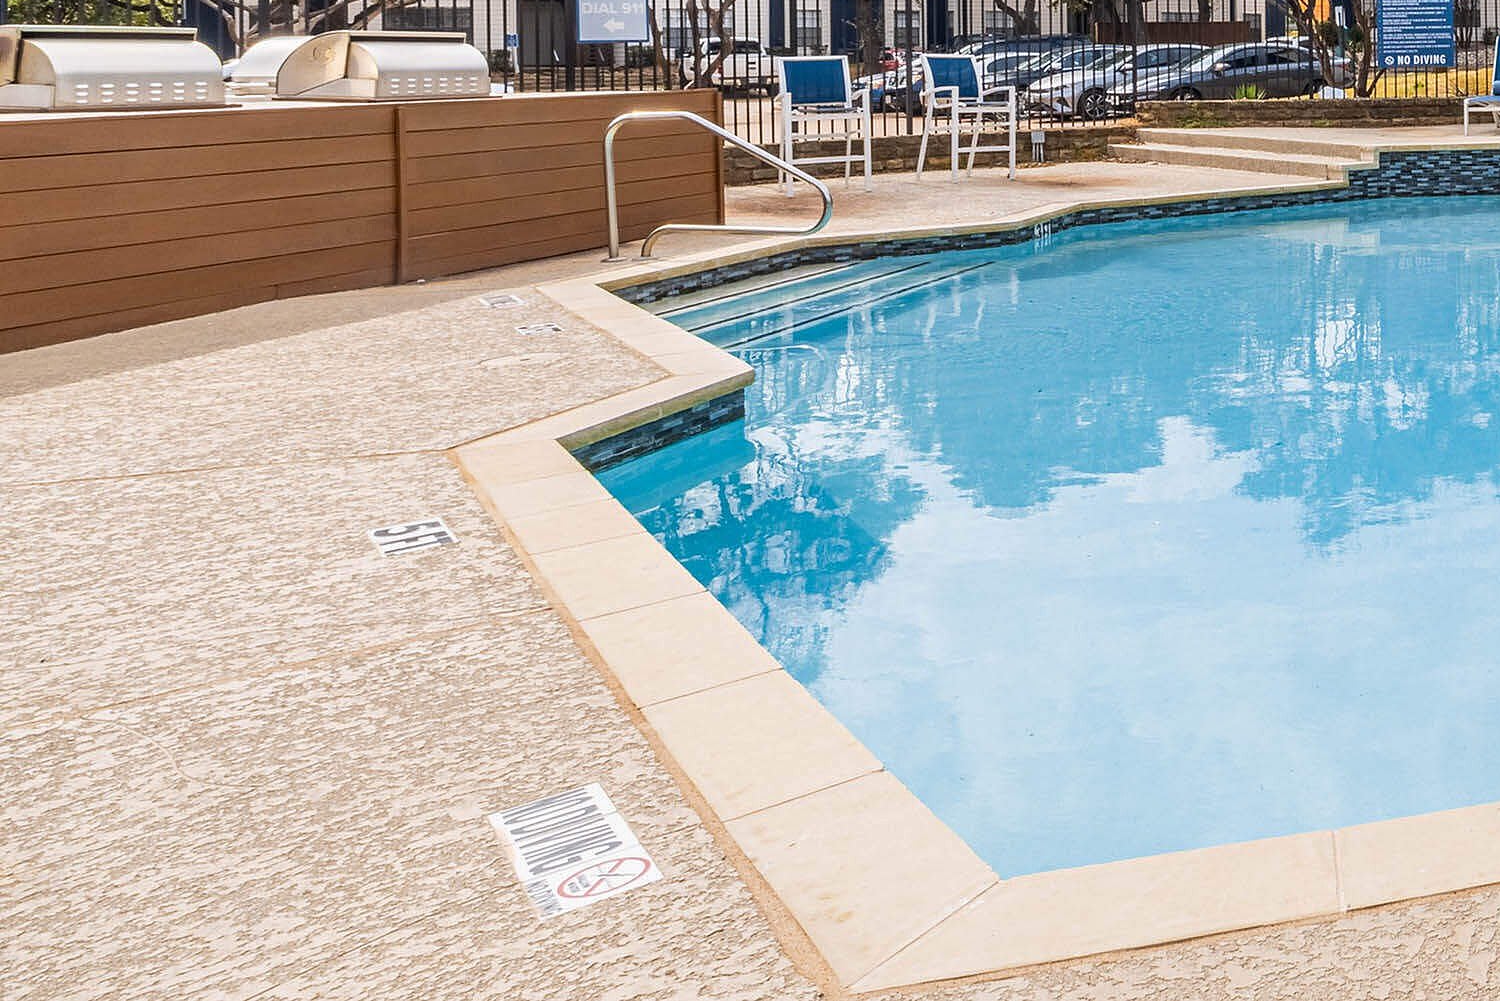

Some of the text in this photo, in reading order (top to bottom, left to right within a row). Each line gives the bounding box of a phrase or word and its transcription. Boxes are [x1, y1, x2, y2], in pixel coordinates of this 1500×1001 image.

[584, 1, 644, 14] DIAL 911
[1397, 54, 1447, 65] NO DIVING
[510, 804, 623, 875] DIVING
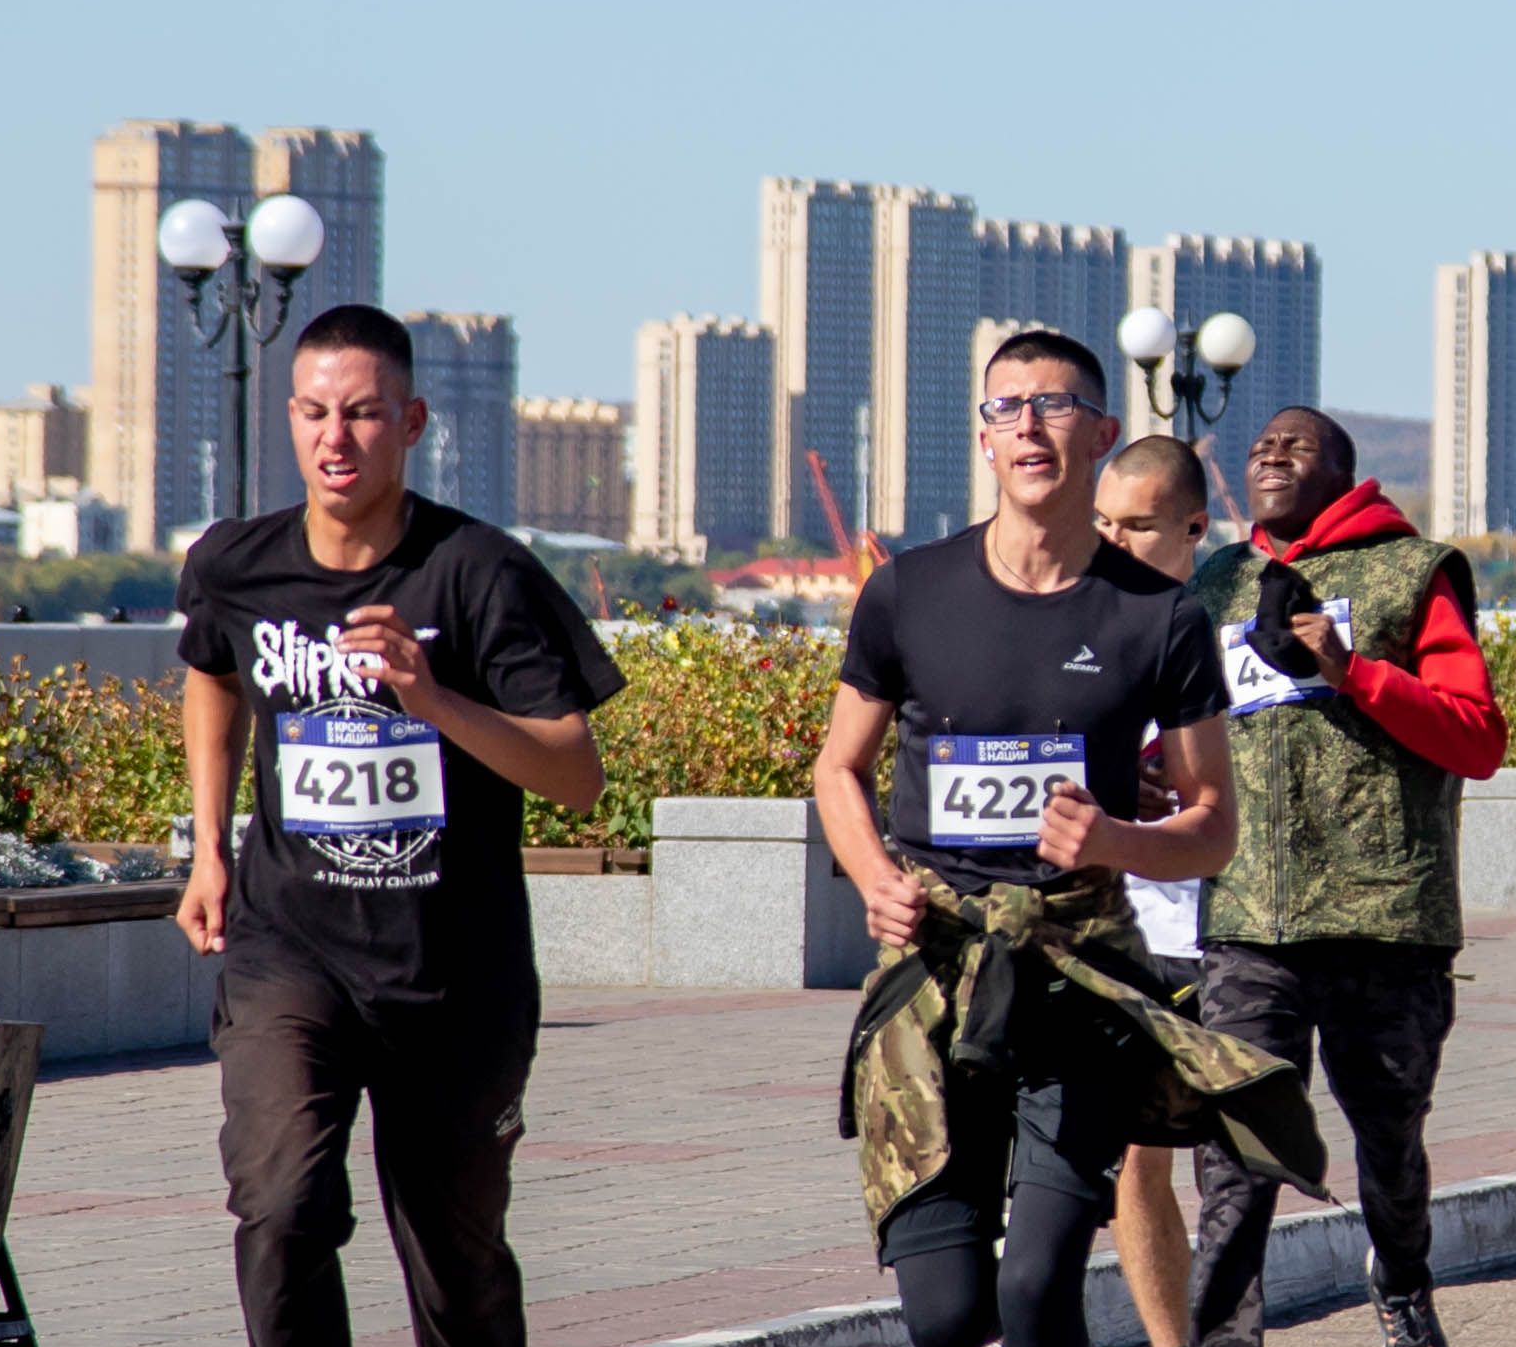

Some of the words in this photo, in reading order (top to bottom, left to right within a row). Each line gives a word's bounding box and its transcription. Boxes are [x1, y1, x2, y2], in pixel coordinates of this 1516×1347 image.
##########
What you have to do:
The result should be a precise copy of all the entries, free of pictures.

Task solution:
Some of the text in this photo, in reading order (top to bottom, left to right within a row). Each line gives the bounding box of a phrase or word and its transcription. Boxes are [x1, y1, x2, y2], in pixel coordinates of this 1500×1001 image.

[584, 1, 644, 14] DIAL 911
[1397, 54, 1447, 65] NO DIVING
[510, 804, 623, 875] DIVING

Some of the words in this photo, in reading order (top to bottom, left to right within a row). Each line gives a word's bounding box and its transcription. Boxes are [x1, y1, x2, y2], in pixel coordinates of this 1516×1347 image.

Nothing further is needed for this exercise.